▶ MATERIAL PROVIDED:
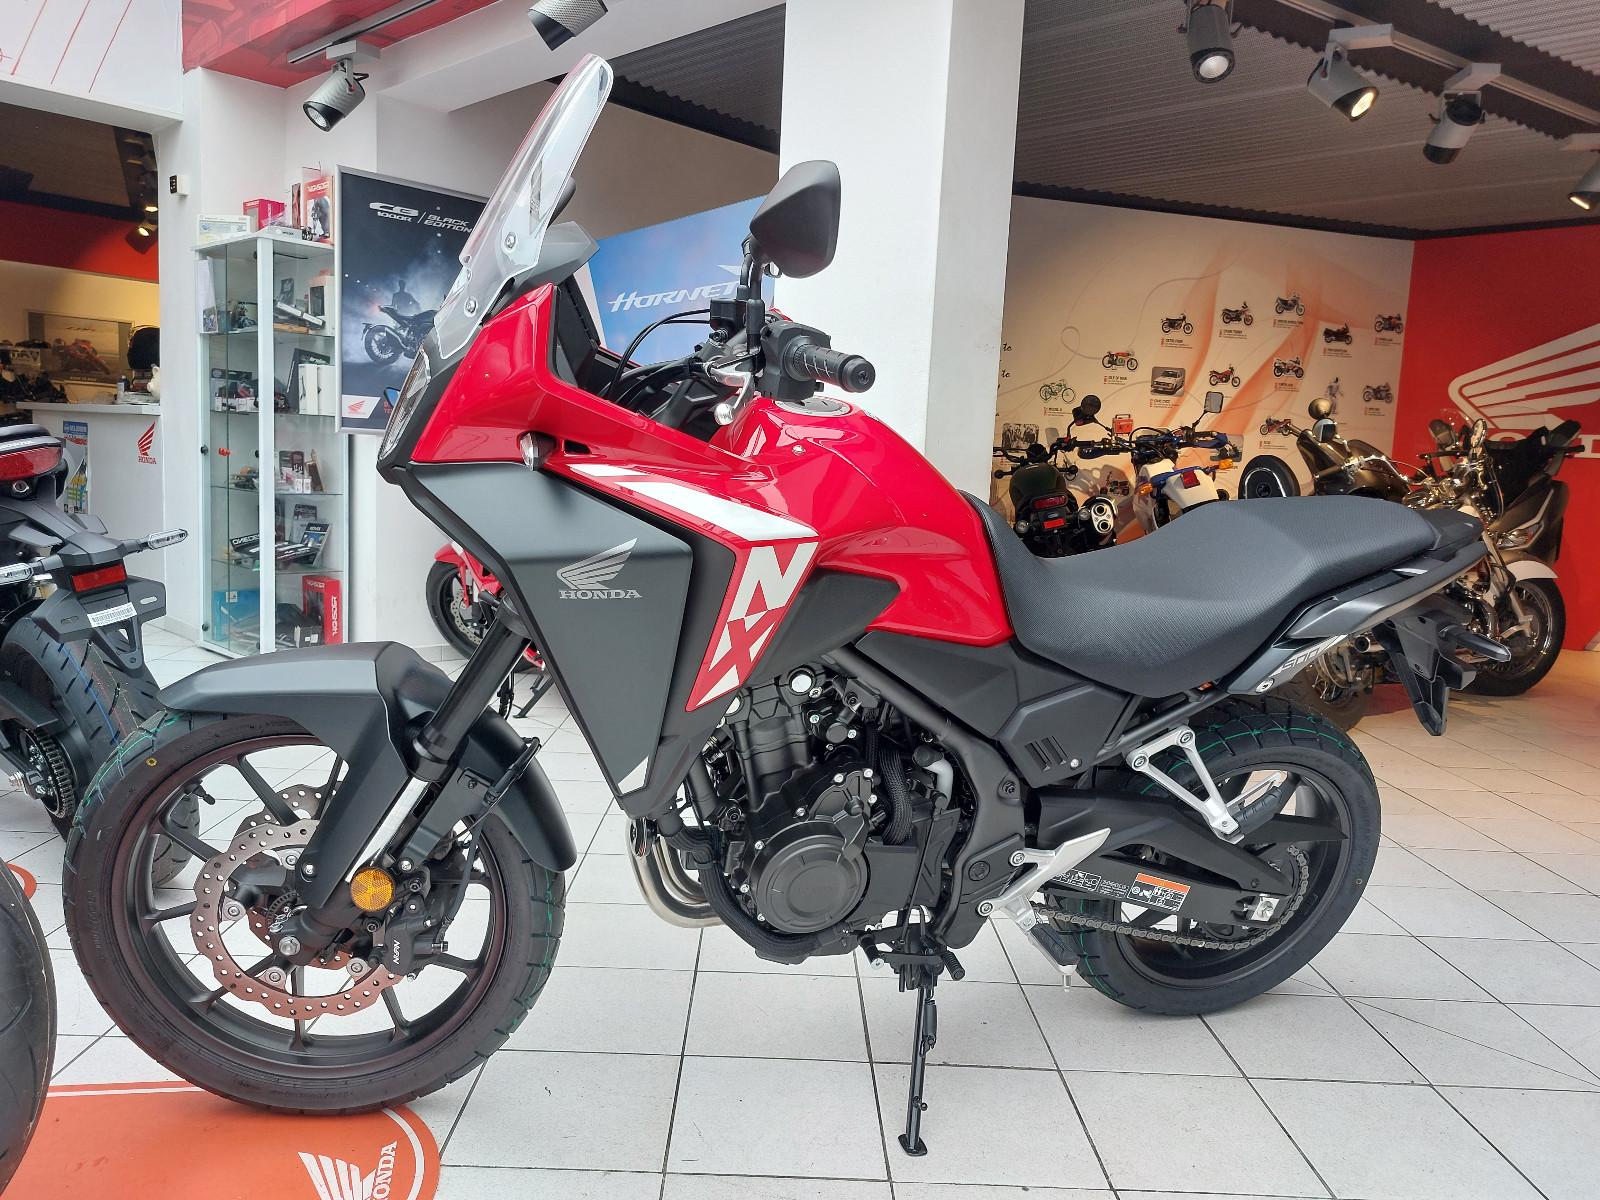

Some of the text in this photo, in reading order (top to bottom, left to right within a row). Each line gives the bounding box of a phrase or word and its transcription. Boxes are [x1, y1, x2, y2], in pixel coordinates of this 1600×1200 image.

[369, 202, 419, 217] CB
[377, 211, 412, 222] 1000R
[427, 214, 470, 227] BLACK
[423, 219, 473, 233] EDITION
[608, 280, 740, 313] HORNET
[137, 455, 157, 465] HONDA
[559, 589, 642, 600] HONDA
[371, 1140, 398, 1200] ONDA

▶ EXERCISE GOAL: Would you return the records exactly as written, minus any image?

▶ RESPONSE FOR THIS EXERCISE:
Some of the text in this photo, in reading order (top to bottom, left to right within a row). Each line gives the bounding box of a phrase or word and its transcription. Boxes are [x1, y1, x2, y2], in pixel coordinates of this 1600×1200 image.

[369, 202, 419, 217] CB
[377, 211, 412, 222] 1000R
[427, 214, 470, 227] BLACK
[423, 219, 473, 233] EDITION
[608, 280, 740, 313] HORNET
[137, 455, 157, 465] HONDA
[559, 589, 642, 600] HONDA
[371, 1140, 398, 1200] ONDA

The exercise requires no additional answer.